My journey began with a fascination for biomedical systems, and over time, I honed my skills through rigorous academic training and hands-on research. From optimizing machine learning models for cancer risk assessment to designing robust workflows for RNA sequencing data analysis, I have built a foundation in both theoretical knowledge and practical applications. Today, I apply my skills to tackle challenges in public health and biotechnology, driven by a desire to contribute to the advancement of healthcare technologies.
What I Do
I specialize in developing precise molecular biology techniques that drive innovation in biomedical research and early disease detection. My expertise includes:
Genetic Engineering & Circuit Design
Developing and validating gene constructs using molecular techniques like plasmid ligation, Gibson assembly, and restriction digestion for applications in early cancer detection and synthetic biology.
RNA and DNA Manipulation
Performing RNA purification, cDNA synthesis, and PCR to support genetic studies, ensuring high fidelity in gene expression and sequencing.
Protein Analysis and Assays
Utilizing assays such as ELISA and qPCR to measure protein levels and gene expression, providing insights into cellular mechanisms and therapeutic targets.

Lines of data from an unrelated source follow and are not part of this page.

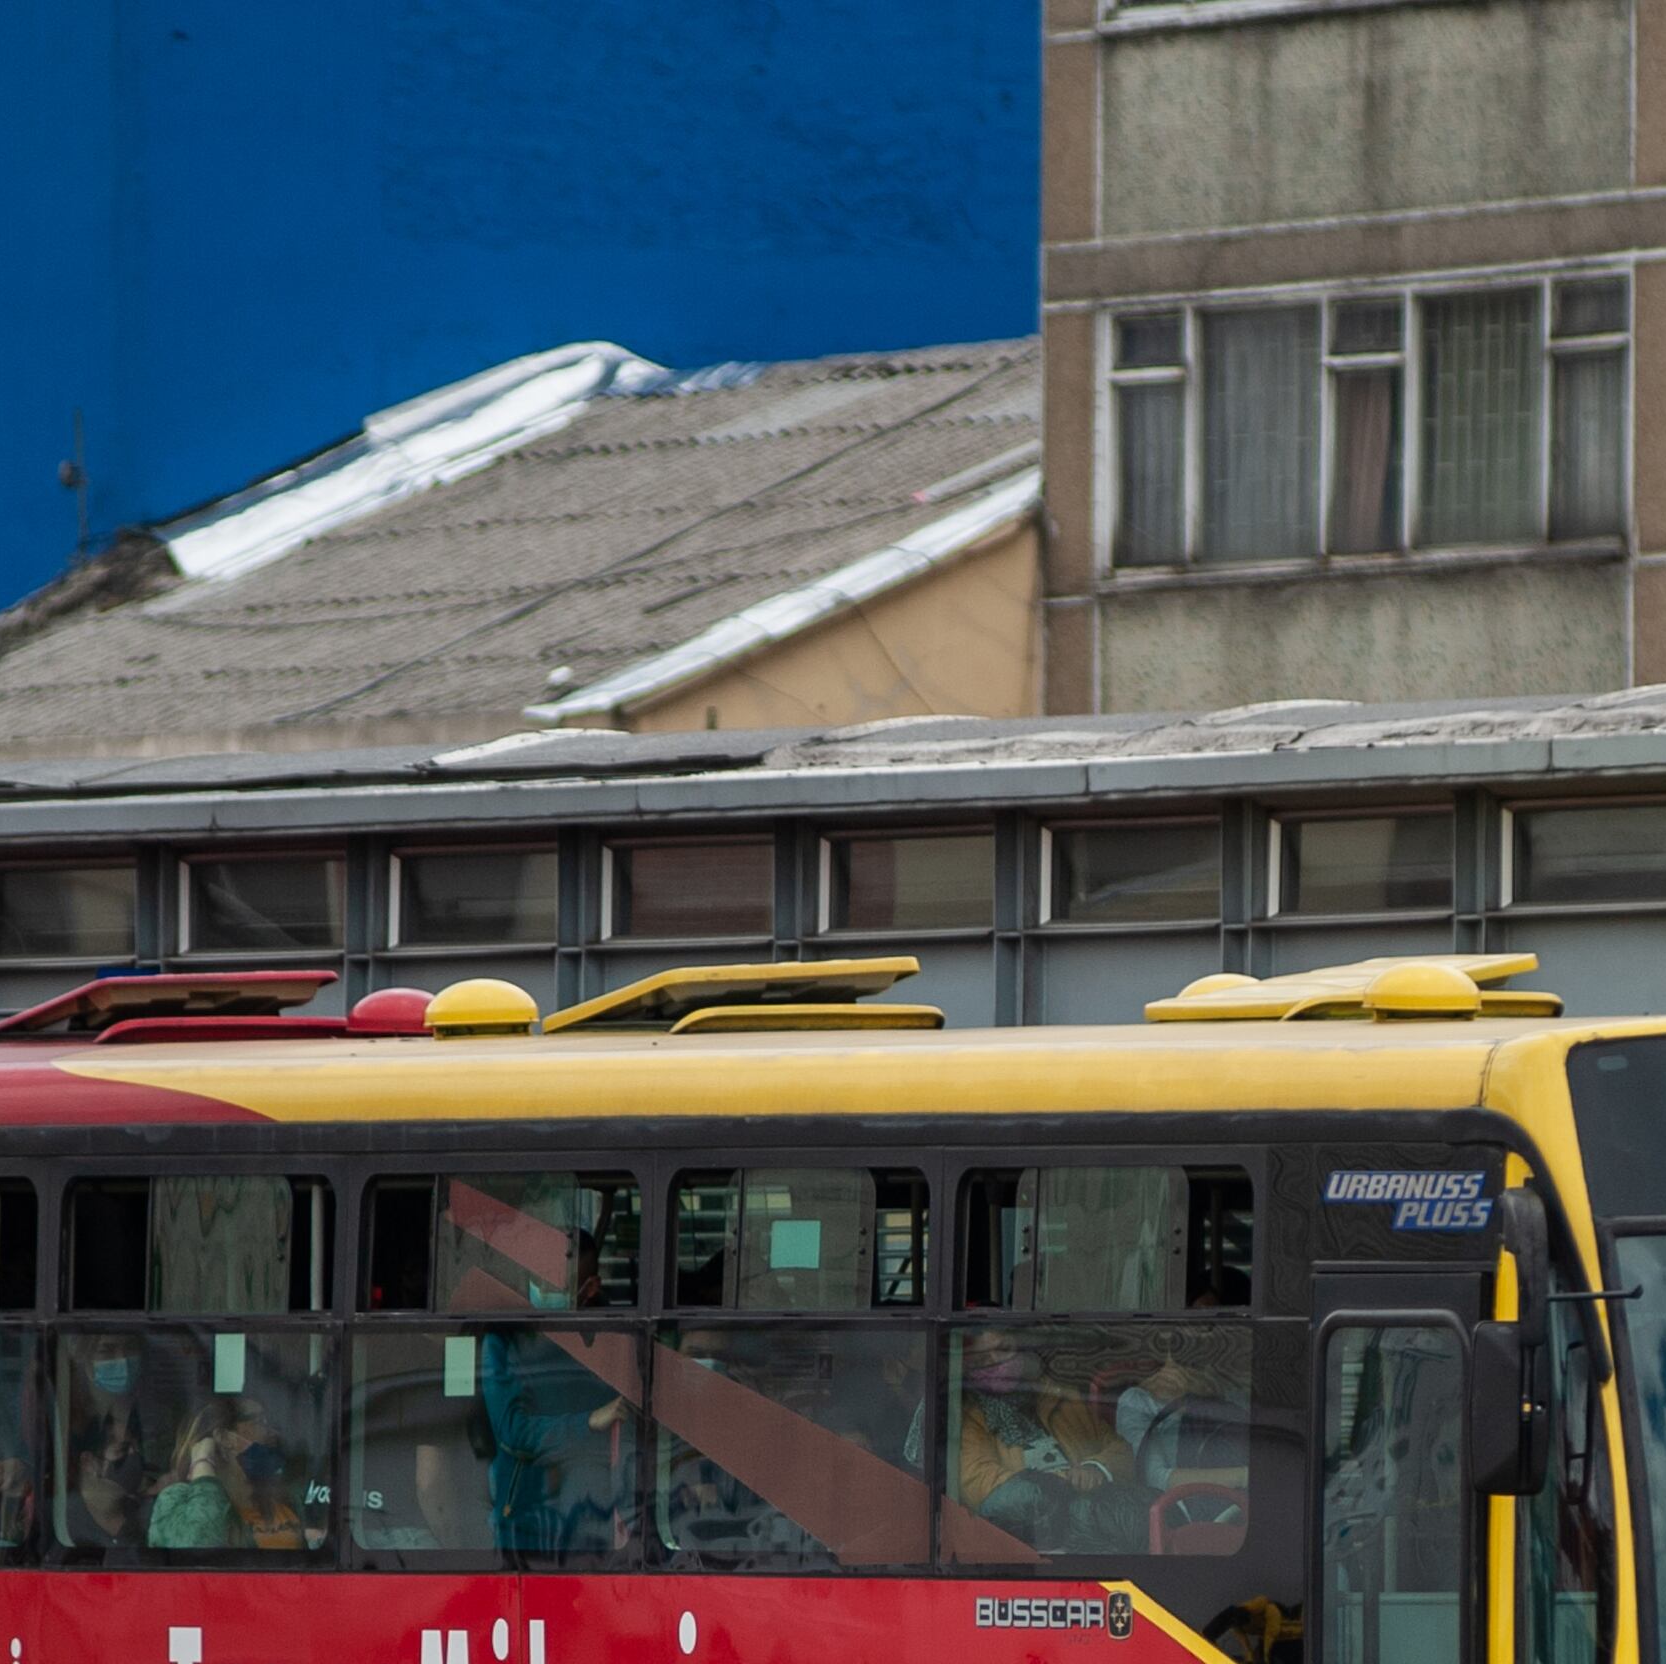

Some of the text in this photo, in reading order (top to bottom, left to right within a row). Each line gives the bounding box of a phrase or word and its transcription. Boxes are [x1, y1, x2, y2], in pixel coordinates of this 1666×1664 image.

[1326, 1173, 1484, 1200] URBANUSS
[1396, 1201, 1493, 1228] PLUSS
[975, 1597, 1105, 1629] BUSSCAR
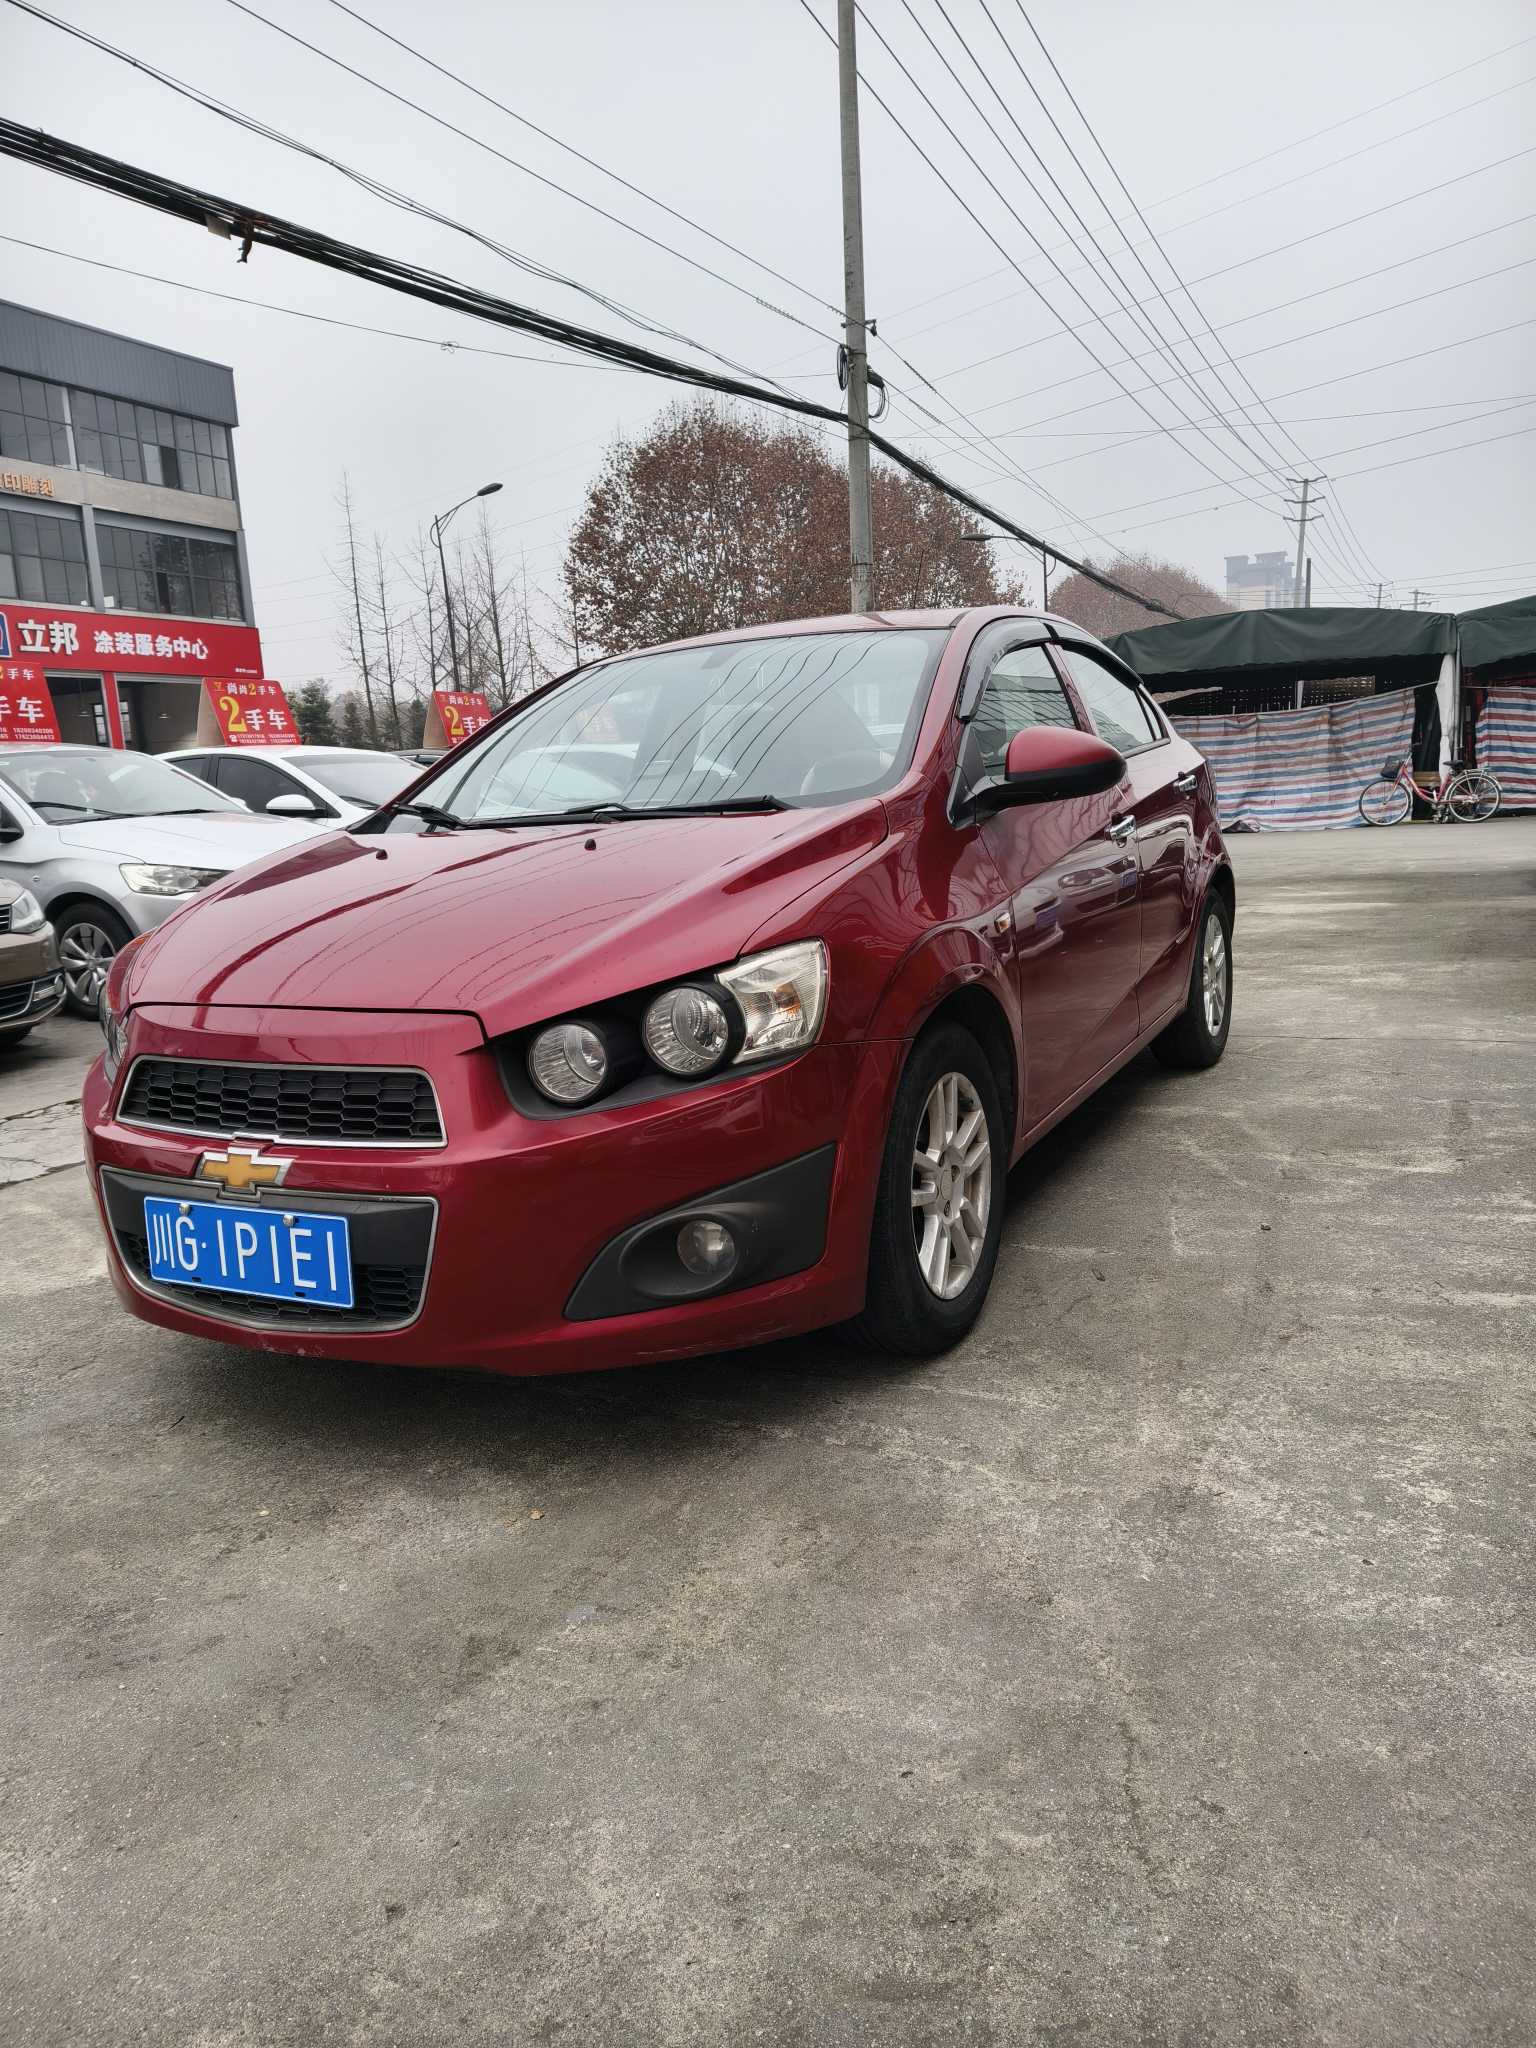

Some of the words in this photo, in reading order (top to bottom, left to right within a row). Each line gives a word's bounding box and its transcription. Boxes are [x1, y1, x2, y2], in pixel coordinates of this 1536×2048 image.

[0, 472, 55, 497] 印雕刻
[17, 619, 80, 655] 立邦
[93, 630, 209, 659] 涂装服务中心
[219, 695, 288, 733] 2手车

Data-Driven Insights for Molecular Research
Integrating statistical data analysis and machine learning to enhance the accuracy and efficiency of biological experiments, driving data-informed decisions in research.
To find more about my experiences
Work & Project Experiences
2023/02 – 2024/05
Prediction Models on COVID-19 & Lung Cancer
Columbia University Irving Medical Center
I built predictive models for lung cancer risk and COVID-19 severity, using Lasso regression, Random Forest, and Gradient Boosting Machines. I conducted data preprocessing and hyperparameter tuning, achieving high accuracy and identifying key predictors.
2023/05 – 2023/09
Bioinformatics Associate
National Laboratory of Protein and Peptide Drugs, Chinese Academy of Science
As a Biostatistics Associate, I developed an RNA-seq workflow to investigate potassium ion imbalances in tumors, performing quality control, sequence alignment, and differential gene analysis. I visualized results with heat maps and volcano plots and created a user-friendly interface to streamline analysis.
2020/02 – 2022/05
Research Assistant
Wilson Wong Lab, Boston University
As a Research Assistant, I led a project focused on genetic circuits for early cancer detection. I performed molecular cloning techniques such as plasmid ligation and Gibson assembly, contributing to innovative advancements in synthetic biology.
2022/02 – 2022/05
Teaching Assistant
Boston University, BE755: Molecular System and Synthetic Biology Lab
As a Teaching Assistant, I instructed students on techniques like transfection and qPCR, developed lab protocols, and monitored experiments. I ensured accurate results and enhanced students’ understanding of synthetic biology applications.